▶ _The input_:
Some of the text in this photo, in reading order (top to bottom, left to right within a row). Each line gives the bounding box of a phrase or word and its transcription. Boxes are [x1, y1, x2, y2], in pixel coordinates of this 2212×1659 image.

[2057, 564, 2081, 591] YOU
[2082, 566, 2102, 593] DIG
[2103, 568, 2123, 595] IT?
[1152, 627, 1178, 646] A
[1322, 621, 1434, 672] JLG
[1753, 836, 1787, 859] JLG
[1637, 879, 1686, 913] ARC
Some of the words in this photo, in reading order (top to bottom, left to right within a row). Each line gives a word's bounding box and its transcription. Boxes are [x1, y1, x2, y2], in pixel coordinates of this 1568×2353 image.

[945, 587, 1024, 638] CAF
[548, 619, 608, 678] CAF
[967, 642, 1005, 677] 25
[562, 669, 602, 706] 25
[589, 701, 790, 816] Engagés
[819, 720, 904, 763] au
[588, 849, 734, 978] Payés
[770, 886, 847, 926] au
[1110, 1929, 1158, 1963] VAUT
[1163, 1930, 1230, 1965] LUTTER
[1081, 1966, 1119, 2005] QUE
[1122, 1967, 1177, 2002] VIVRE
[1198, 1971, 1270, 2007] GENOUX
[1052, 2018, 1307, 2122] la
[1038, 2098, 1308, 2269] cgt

▶ _Work required_:
Copy the listing in full, and keep every word exactly as it is.

▶ _The answer_:
Some of the text in this photo, in reading order (top to bottom, left to right within a row). Each line gives the bounding box of a phrase or word and its transcription. Boxes are [x1, y1, x2, y2], in pixel coordinates of this 2212×1659 image.

[2057, 564, 2081, 591] YOU
[2082, 566, 2102, 593] DIG
[2103, 568, 2123, 595] IT?
[1152, 627, 1178, 646] A
[1322, 621, 1434, 672] JLG
[1753, 836, 1787, 859] JLG
[1637, 879, 1686, 913] ARC
Some of the words in this photo, in reading order (top to bottom, left to right within a row). Each line gives a word's bounding box and its transcription. Boxes are [x1, y1, x2, y2], in pixel coordinates of this 1568×2353 image.

[945, 587, 1024, 638] CAF
[548, 619, 608, 678] CAF
[967, 642, 1005, 677] 25
[562, 669, 602, 706] 25
[589, 701, 790, 816] Engagés
[819, 720, 904, 763] au
[588, 849, 734, 978] Payés
[770, 886, 847, 926] au
[1110, 1929, 1158, 1963] VAUT
[1163, 1930, 1230, 1965] LUTTER
[1081, 1966, 1119, 2005] QUE
[1122, 1967, 1177, 2002] VIVRE
[1198, 1971, 1270, 2007] GENOUX
[1052, 2018, 1307, 2122] la
[1038, 2098, 1308, 2269] cgt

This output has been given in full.